_Assigned task:_ Line by line, write out the material exactly.

_Listed records:_
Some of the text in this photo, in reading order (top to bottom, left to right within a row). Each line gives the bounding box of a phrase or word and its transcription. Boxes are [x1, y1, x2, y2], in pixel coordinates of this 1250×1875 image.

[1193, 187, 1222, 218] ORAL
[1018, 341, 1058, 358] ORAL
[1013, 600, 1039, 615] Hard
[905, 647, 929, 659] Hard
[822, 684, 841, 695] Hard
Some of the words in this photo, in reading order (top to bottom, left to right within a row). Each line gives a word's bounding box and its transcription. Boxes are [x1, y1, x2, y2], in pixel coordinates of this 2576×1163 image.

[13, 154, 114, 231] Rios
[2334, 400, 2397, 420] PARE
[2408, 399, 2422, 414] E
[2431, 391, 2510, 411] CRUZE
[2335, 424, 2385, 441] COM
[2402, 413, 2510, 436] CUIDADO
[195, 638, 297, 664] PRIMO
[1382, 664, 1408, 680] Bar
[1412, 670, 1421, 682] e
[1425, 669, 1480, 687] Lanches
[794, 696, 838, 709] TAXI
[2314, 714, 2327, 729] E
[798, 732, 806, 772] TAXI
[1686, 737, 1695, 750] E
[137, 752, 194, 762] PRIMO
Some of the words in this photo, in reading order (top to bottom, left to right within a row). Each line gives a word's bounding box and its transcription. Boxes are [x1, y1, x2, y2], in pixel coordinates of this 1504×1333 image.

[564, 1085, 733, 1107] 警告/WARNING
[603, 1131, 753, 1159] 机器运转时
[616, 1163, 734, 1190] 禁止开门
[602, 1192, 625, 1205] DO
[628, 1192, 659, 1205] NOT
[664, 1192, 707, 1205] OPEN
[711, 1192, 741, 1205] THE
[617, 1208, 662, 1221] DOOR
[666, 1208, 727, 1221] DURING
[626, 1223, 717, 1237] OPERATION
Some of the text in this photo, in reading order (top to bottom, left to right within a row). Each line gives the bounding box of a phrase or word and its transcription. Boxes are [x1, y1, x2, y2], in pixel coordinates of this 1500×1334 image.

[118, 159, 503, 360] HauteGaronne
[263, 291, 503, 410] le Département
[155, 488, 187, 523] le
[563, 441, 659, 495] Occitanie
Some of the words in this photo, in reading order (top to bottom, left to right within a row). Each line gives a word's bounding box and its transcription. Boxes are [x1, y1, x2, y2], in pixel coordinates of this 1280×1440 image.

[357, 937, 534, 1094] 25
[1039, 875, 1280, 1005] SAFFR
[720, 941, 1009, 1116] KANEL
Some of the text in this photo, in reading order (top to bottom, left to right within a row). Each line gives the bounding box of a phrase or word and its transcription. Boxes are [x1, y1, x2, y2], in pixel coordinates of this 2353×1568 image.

_Task response:_
Some of the text in this photo, in reading order (top to bottom, left to right within a row). Each line gives the bounding box of a phrase or word and its transcription. Boxes are [x1, y1, x2, y2], in pixel coordinates of this 1250×1875 image.

[1193, 187, 1222, 218] ORAL
[1018, 341, 1058, 358] ORAL
[1013, 600, 1039, 615] Hard
[905, 647, 929, 659] Hard
[822, 684, 841, 695] Hard
Some of the words in this photo, in reading order (top to bottom, left to right within a row). Each line gives a word's bounding box and its transcription. Boxes are [x1, y1, x2, y2], in pixel coordinates of this 2576×1163 image.

[13, 154, 114, 231] Rios
[2334, 400, 2397, 420] PARE
[2408, 399, 2422, 414] E
[2431, 391, 2510, 411] CRUZE
[2335, 424, 2385, 441] COM
[2402, 413, 2510, 436] CUIDADO
[195, 638, 297, 664] PRIMO
[1382, 664, 1408, 680] Bar
[1412, 670, 1421, 682] e
[1425, 669, 1480, 687] Lanches
[794, 696, 838, 709] TAXI
[2314, 714, 2327, 729] E
[798, 732, 806, 772] TAXI
[1686, 737, 1695, 750] E
[137, 752, 194, 762] PRIMO
Some of the words in this photo, in reading order (top to bottom, left to right within a row). Each line gives a word's bounding box and its transcription. Boxes are [x1, y1, x2, y2], in pixel coordinates of this 1504×1333 image.

[564, 1085, 733, 1107] 警告/WARNING
[603, 1131, 753, 1159] 机器运转时
[616, 1163, 734, 1190] 禁止开门
[602, 1192, 625, 1205] DO
[628, 1192, 659, 1205] NOT
[664, 1192, 707, 1205] OPEN
[711, 1192, 741, 1205] THE
[617, 1208, 662, 1221] DOOR
[666, 1208, 727, 1221] DURING
[626, 1223, 717, 1237] OPERATION
Some of the text in this photo, in reading order (top to bottom, left to right within a row). Each line gives the bounding box of a phrase or word and its transcription. Boxes are [x1, y1, x2, y2], in pixel coordinates of this 1500×1334 image.

[118, 159, 503, 360] HauteGaronne
[263, 291, 503, 410] le Département
[155, 488, 187, 523] le
[563, 441, 659, 495] Occitanie
Some of the words in this photo, in reading order (top to bottom, left to right within a row). Each line gives a word's bounding box and its transcription. Boxes are [x1, y1, x2, y2], in pixel coordinates of this 1280×1440 image.

[357, 937, 534, 1094] 25
[1039, 875, 1280, 1005] SAFFR
[720, 941, 1009, 1116] KANEL
Some of the text in this photo, in reading order (top to bottom, left to right within a row). Each line gives the bounding box of a phrase or word and its transcription. Boxes are [x1, y1, x2, y2], in pixel coordinates of this 2353×1568 image.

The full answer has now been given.